• WORK REQUEST: Down to the last word, output the records below, skipping any images.

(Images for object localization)
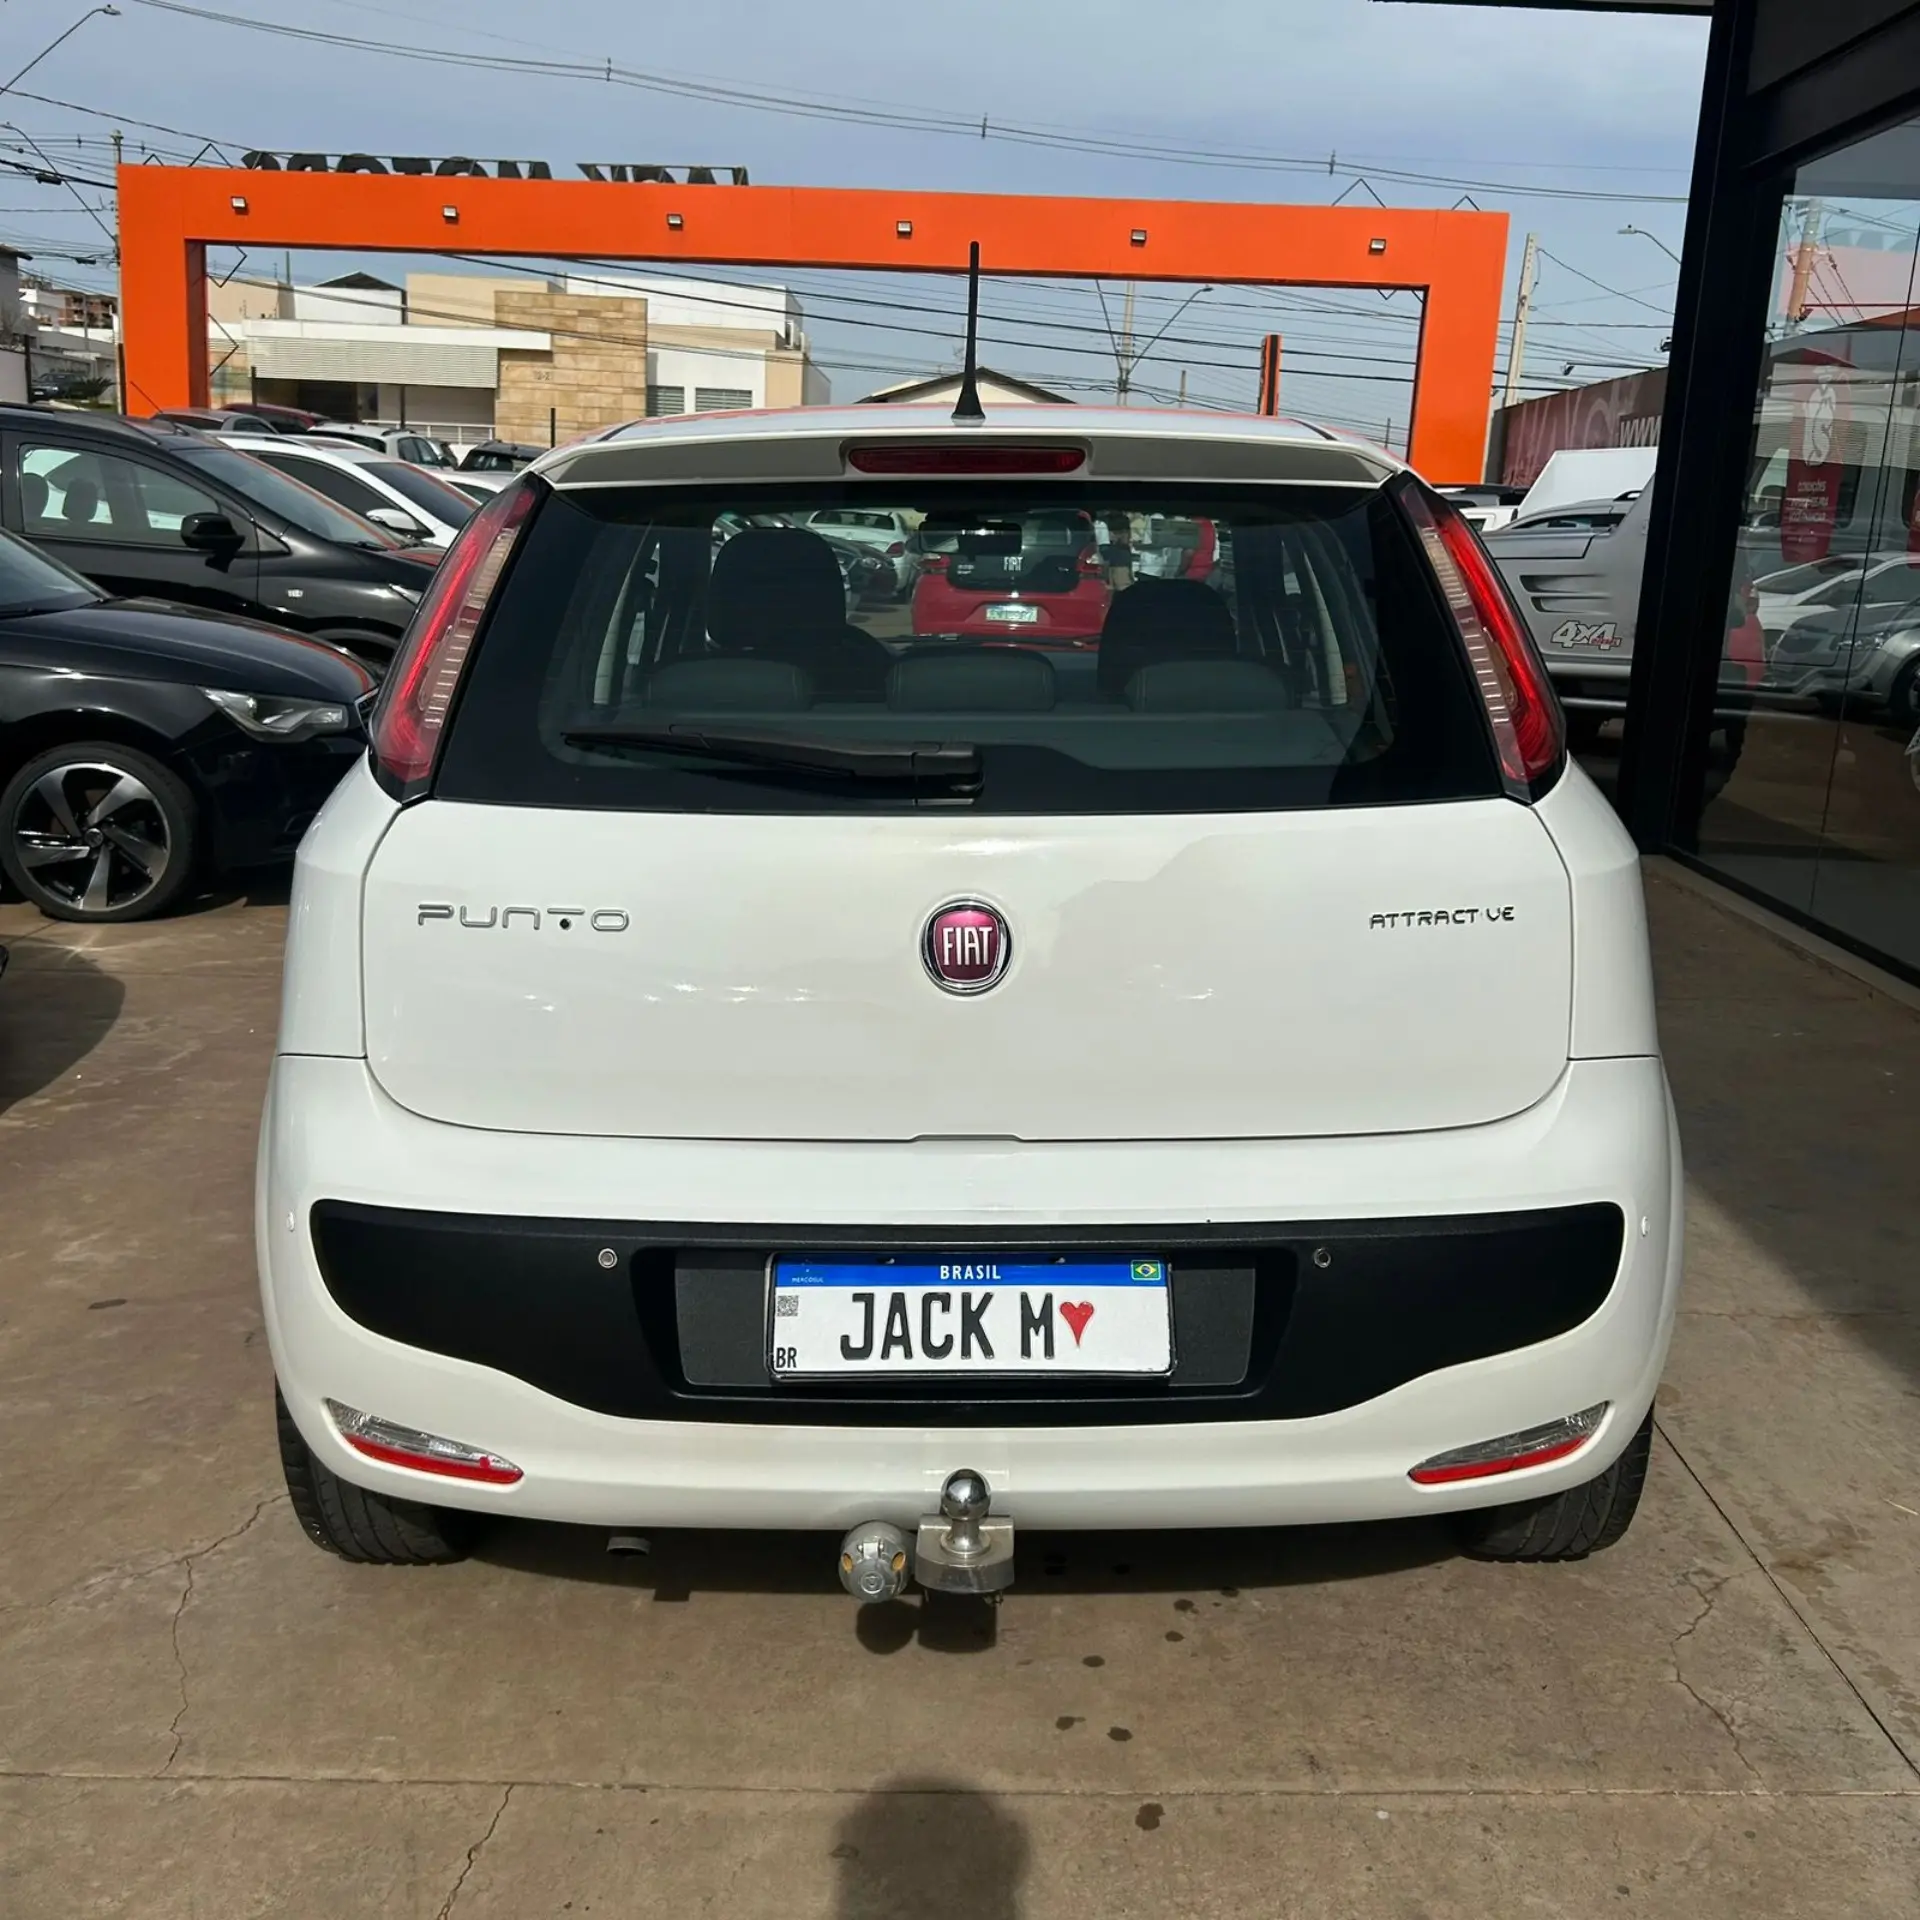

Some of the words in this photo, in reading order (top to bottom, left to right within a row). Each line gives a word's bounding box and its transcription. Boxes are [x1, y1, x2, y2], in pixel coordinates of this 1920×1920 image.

[418, 904, 630, 932] PUNTO
[1369, 906, 1515, 930] ATTRACTVE
[943, 926, 993, 966] FIAT
[940, 1265, 1001, 1280] BRASIL
[840, 1292, 995, 1360] JACK
[1020, 1292, 1055, 1360] M
[776, 1347, 798, 1369] BR
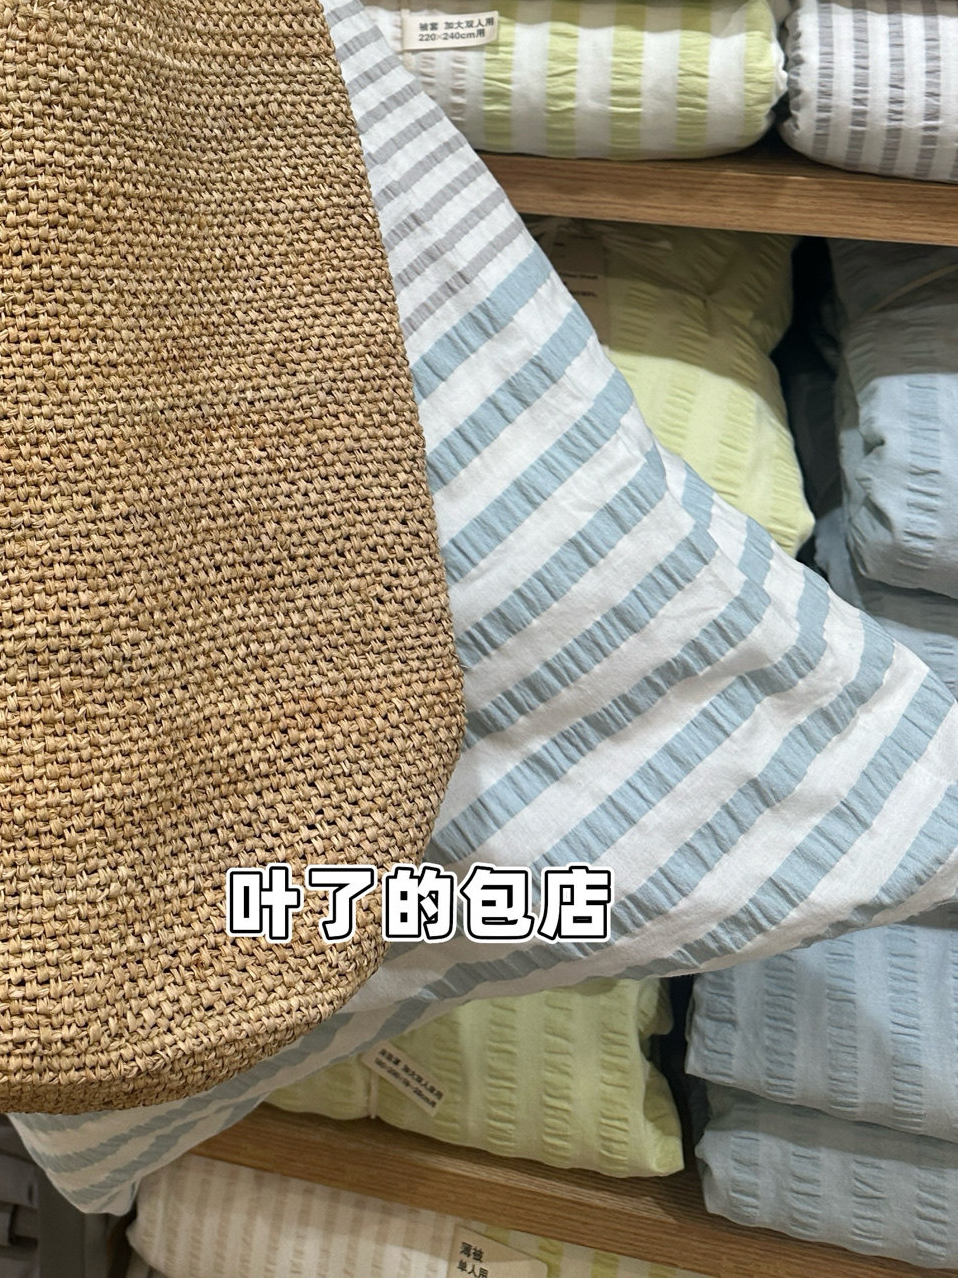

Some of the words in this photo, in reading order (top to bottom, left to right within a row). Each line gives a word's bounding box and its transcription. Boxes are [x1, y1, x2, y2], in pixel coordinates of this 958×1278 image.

[419, 22, 439, 32] 被套
[444, 17, 495, 30] 加大双人用
[418, 28, 487, 42] 220×240cm用
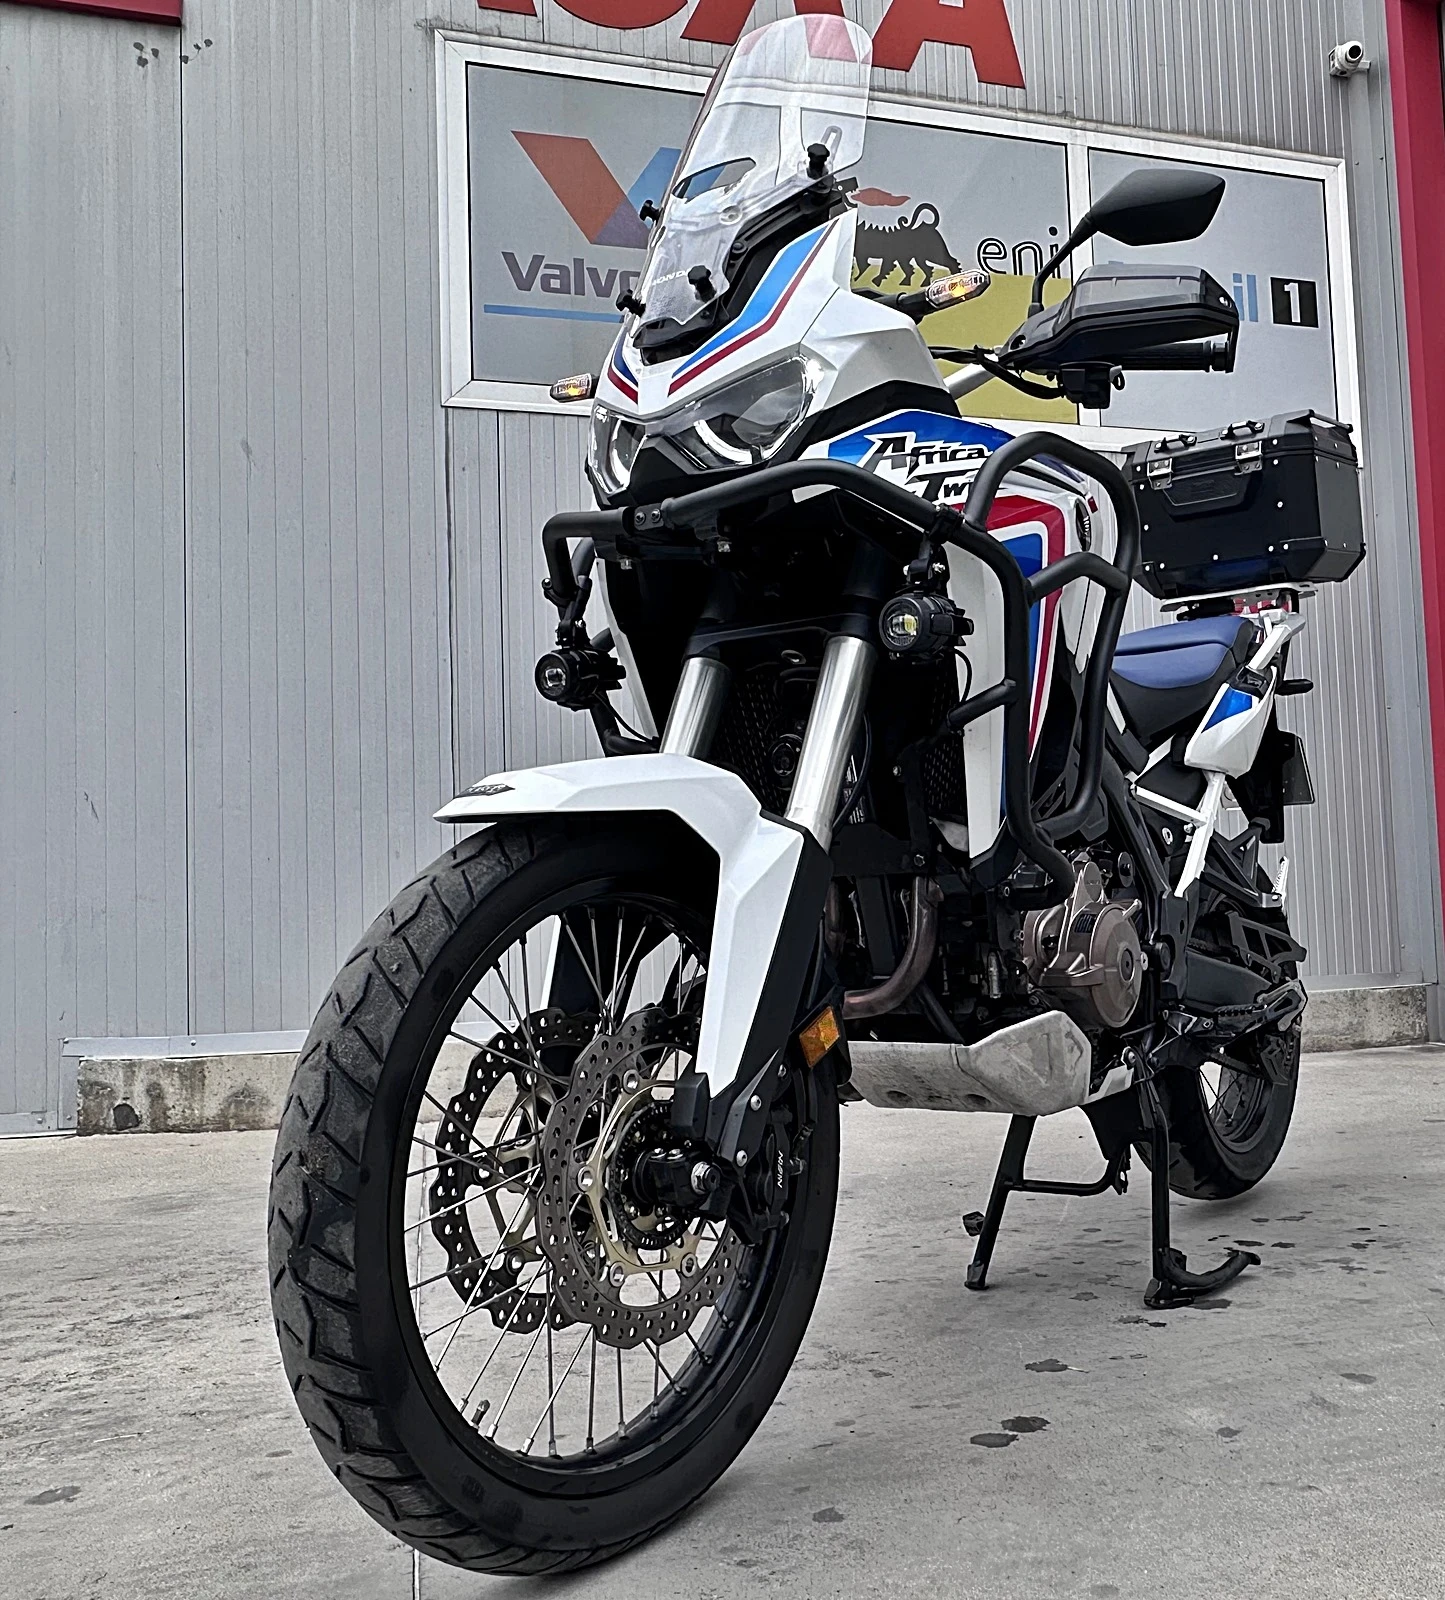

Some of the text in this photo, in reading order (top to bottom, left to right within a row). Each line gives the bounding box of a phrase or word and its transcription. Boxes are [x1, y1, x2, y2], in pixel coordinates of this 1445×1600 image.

[977, 226, 1062, 279] eni
[652, 268, 690, 286] HOND
[1284, 282, 1301, 323] 1
[862, 436, 991, 479] Africa
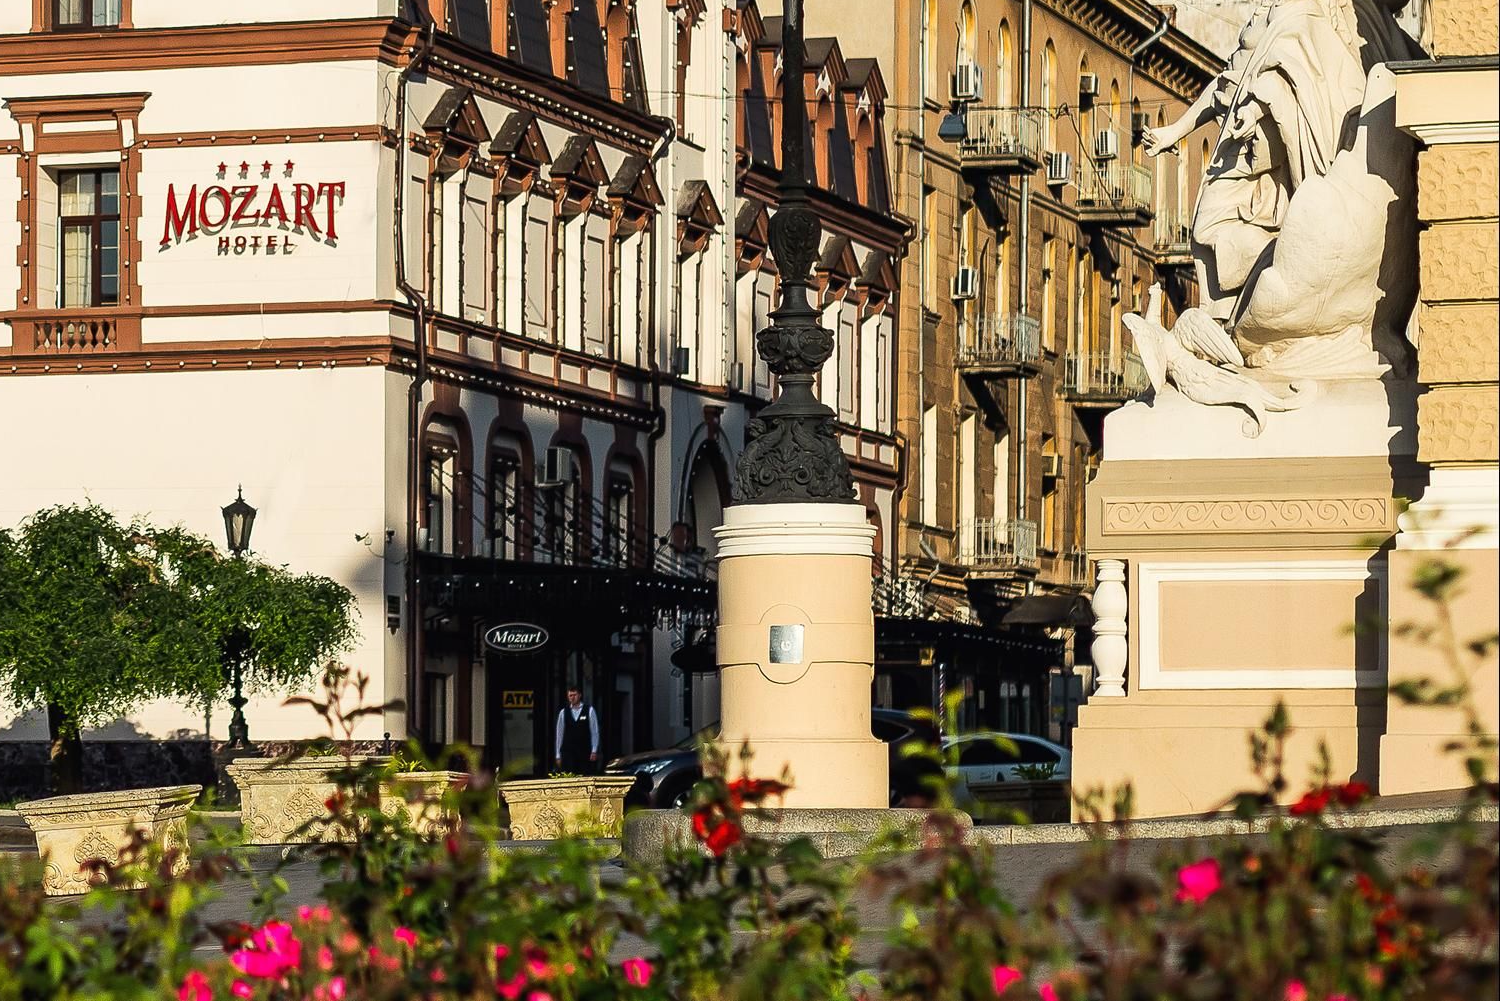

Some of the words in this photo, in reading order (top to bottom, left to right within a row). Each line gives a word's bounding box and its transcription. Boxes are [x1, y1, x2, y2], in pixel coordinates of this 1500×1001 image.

• RESULT OF THIS EXERCISE:
Some of the words in this photo, in reading order (top to bottom, left to right within a row). Each line gives a word's bounding box and its transcription. Boxes are [x1, y1, x2, y2], in pixel coordinates of this 1920×1920 image.

[418, 904, 630, 932] PUNTO
[1369, 906, 1515, 930] ATTRACTVE
[943, 926, 993, 966] FIAT
[940, 1265, 1001, 1280] BRASIL
[840, 1292, 995, 1360] JACK
[1020, 1292, 1055, 1360] M
[776, 1347, 798, 1369] BR

Some of the words in this photo, in reading order (top to bottom, left to right within a row). Each line gives a word's bounding box and its transcription. Boxes are [x1, y1, x2, y2], in pixel coordinates of this 958×1278 image.

[419, 22, 439, 32] 被套
[444, 17, 495, 30] 加大双人用
[418, 28, 487, 42] 220×240cm用

Some of the text in this photo, in reading order (top to bottom, left to right within a row). Each line gives the bounding box of a phrase or word and its transcription. Boxes are [x1, y1, x2, y2], in pixel coordinates of this 1445×1600 image.

[977, 226, 1062, 279] eni
[652, 268, 690, 286] HOND
[1284, 282, 1301, 323] 1
[862, 436, 991, 479] Africa

Some of the words in this photo, in reading order (top to bottom, left to right within a row). Each line gives a word's bounding box and its transcription. Boxes are [x1, y1, x2, y2], in pixel coordinates of this 1500×1001 image.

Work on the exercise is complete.